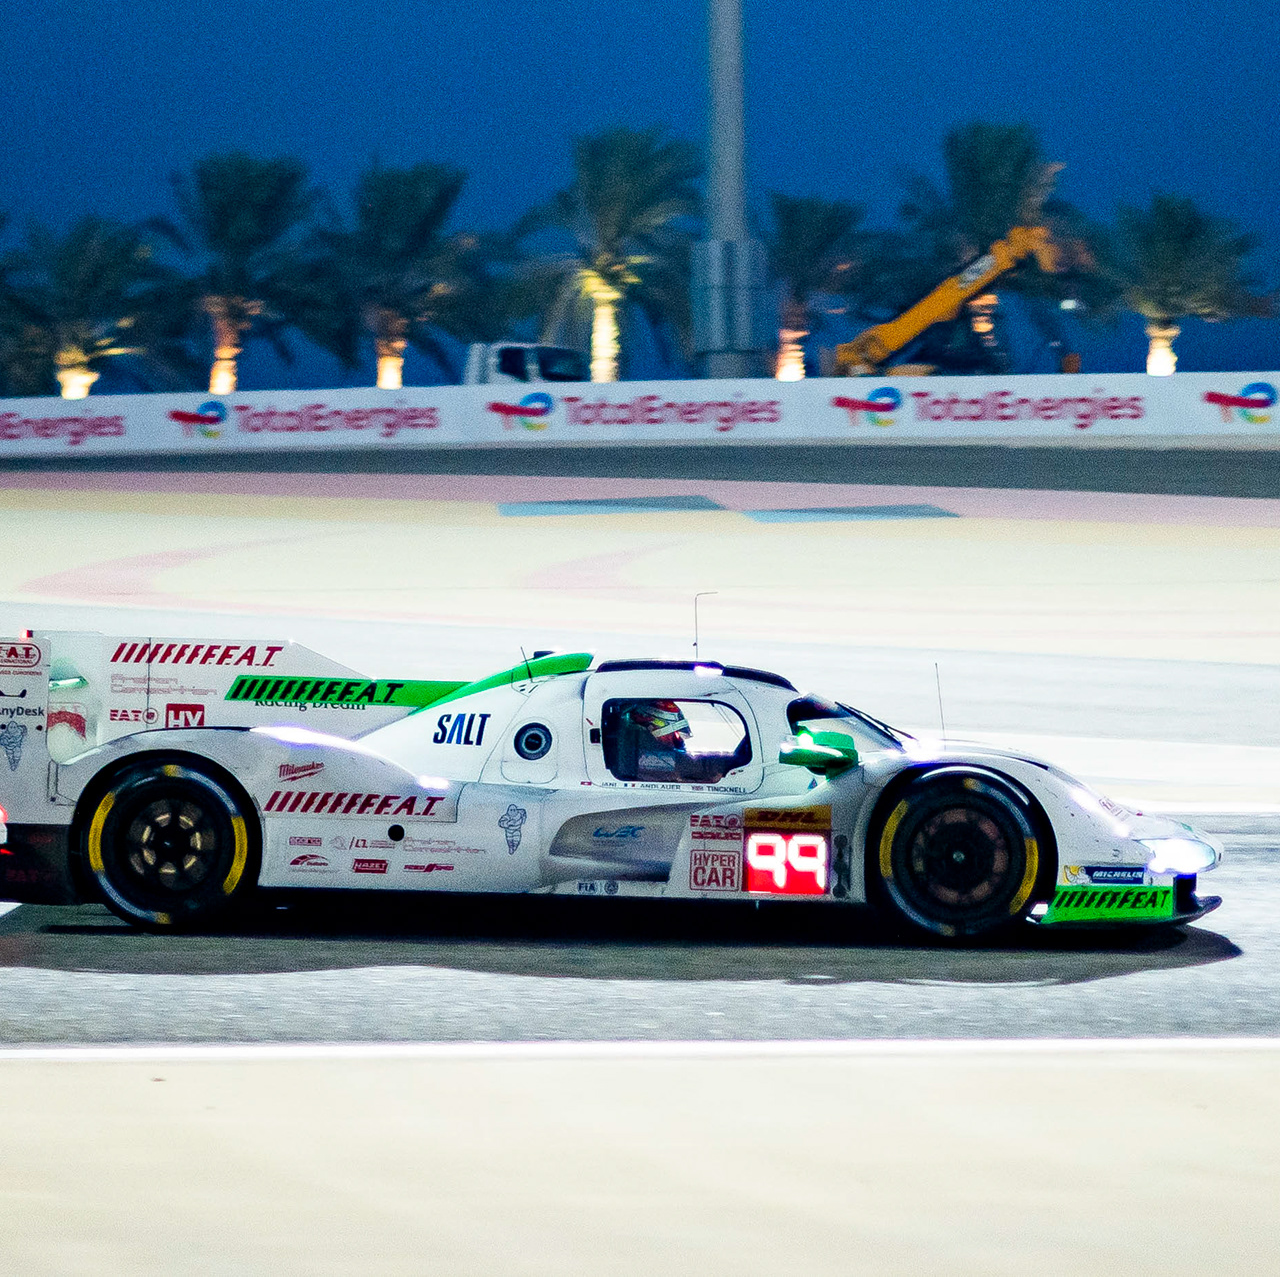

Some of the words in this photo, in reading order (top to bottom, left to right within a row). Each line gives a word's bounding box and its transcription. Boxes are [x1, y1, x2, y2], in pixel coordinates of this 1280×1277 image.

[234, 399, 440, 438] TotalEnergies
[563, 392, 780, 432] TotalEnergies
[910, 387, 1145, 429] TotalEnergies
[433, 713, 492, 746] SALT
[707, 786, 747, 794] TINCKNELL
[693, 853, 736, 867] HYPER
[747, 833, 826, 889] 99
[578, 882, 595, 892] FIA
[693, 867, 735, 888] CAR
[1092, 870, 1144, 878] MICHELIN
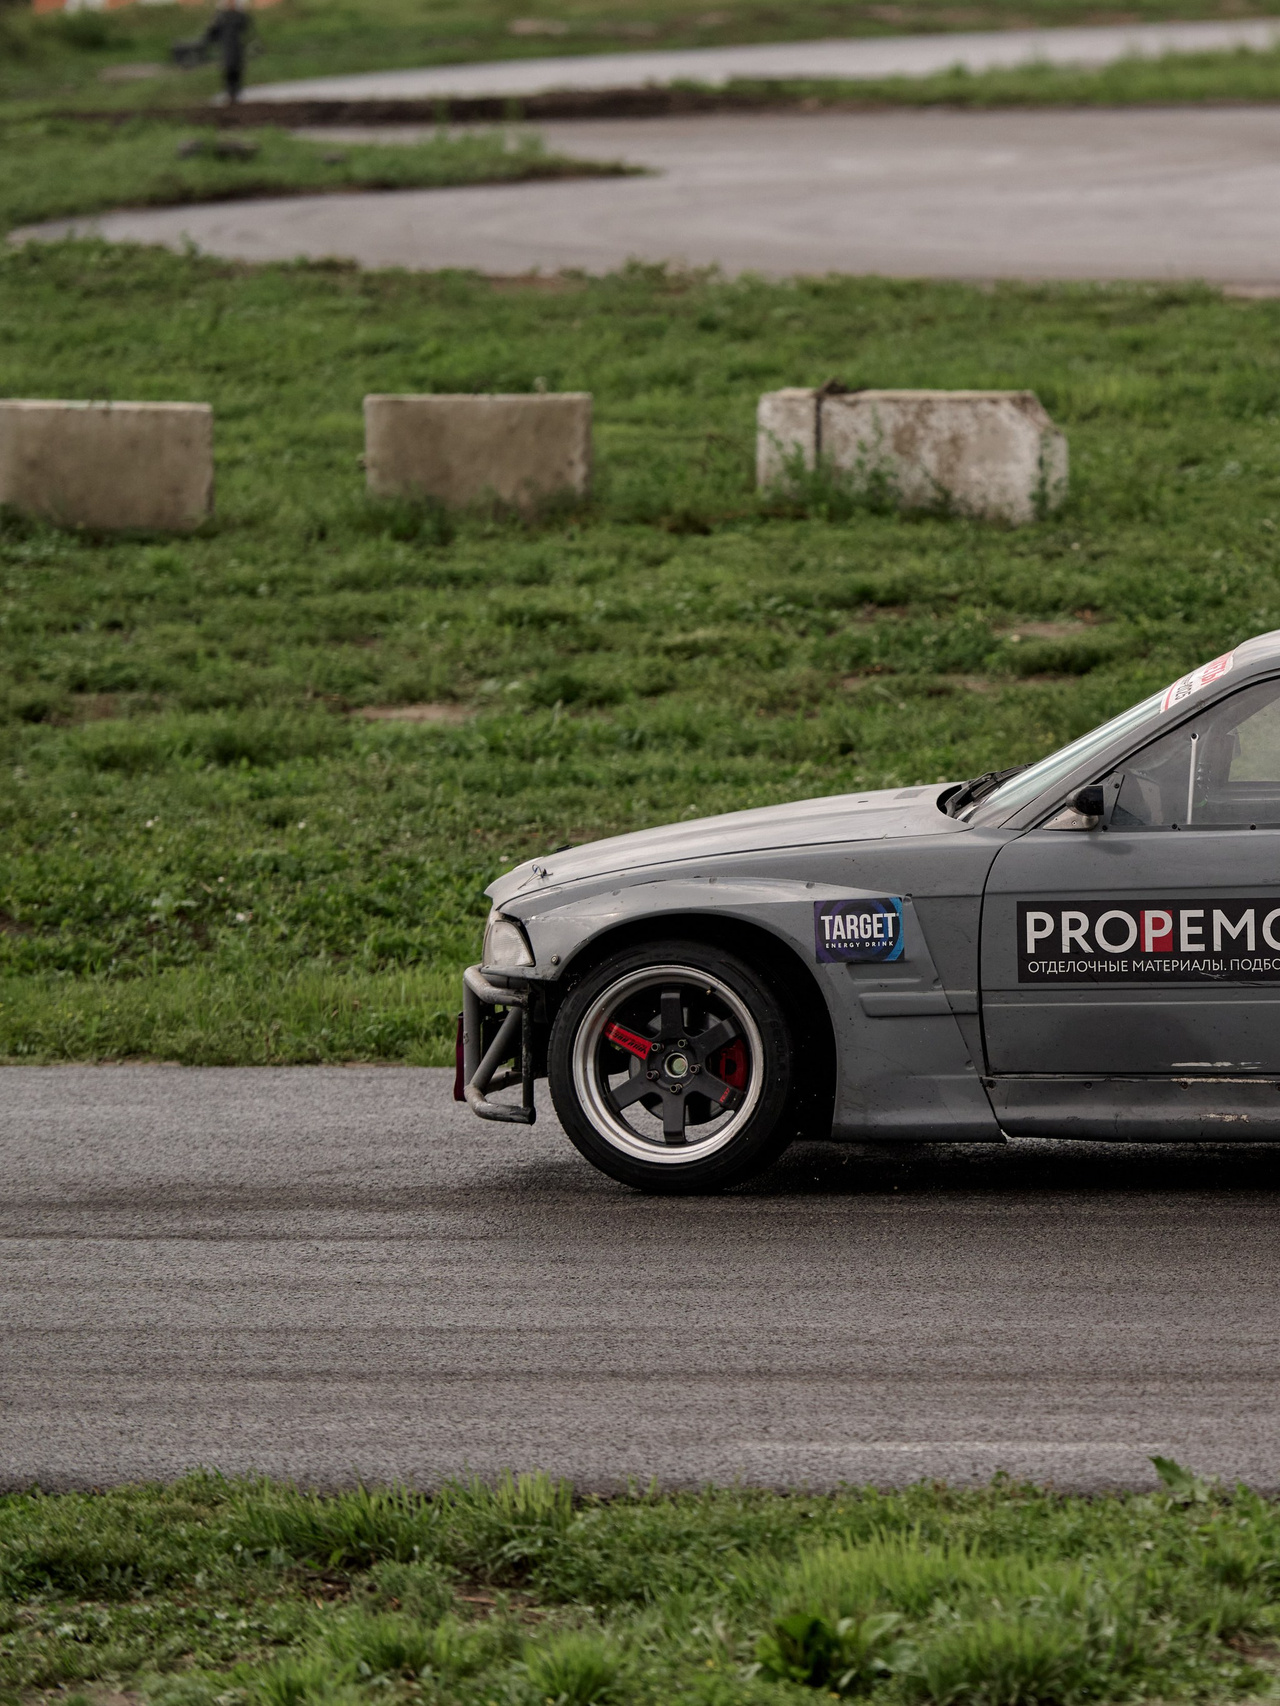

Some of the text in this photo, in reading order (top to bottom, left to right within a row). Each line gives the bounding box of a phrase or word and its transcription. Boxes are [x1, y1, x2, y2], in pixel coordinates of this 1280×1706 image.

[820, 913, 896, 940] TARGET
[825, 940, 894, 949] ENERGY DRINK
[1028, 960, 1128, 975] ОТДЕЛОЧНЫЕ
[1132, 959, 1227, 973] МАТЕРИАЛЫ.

WHAT TO DO
Make an exact copy of the records shown above, without the pictures.

RESULT OF THIS EXERCISE
Some of the words in this photo, in reading order (top to bottom, left to right within a row). Each line gives a word's bounding box and its transcription. Boxes are [x1, y1, x2, y2], in pixel coordinates of this 1280×1277 image.

[234, 399, 440, 438] TotalEnergies
[563, 392, 780, 432] TotalEnergies
[910, 387, 1145, 429] TotalEnergies
[433, 713, 492, 746] SALT
[707, 786, 747, 794] TINCKNELL
[693, 853, 736, 867] HYPER
[747, 833, 826, 889] 99
[578, 882, 595, 892] FIA
[693, 867, 735, 888] CAR
[1092, 870, 1144, 878] MICHELIN

Some of the text in this photo, in reading order (top to bottom, left to right within a row). Each line gives the bounding box of a phrase or word and its transcription. Boxes are [x1, y1, x2, y2], in pixel coordinates of this 1280×1706 image.

[820, 913, 896, 940] TARGET
[825, 940, 894, 949] ENERGY DRINK
[1028, 960, 1128, 975] ОТДЕЛОЧНЫЕ
[1132, 959, 1227, 973] МАТЕРИАЛЫ.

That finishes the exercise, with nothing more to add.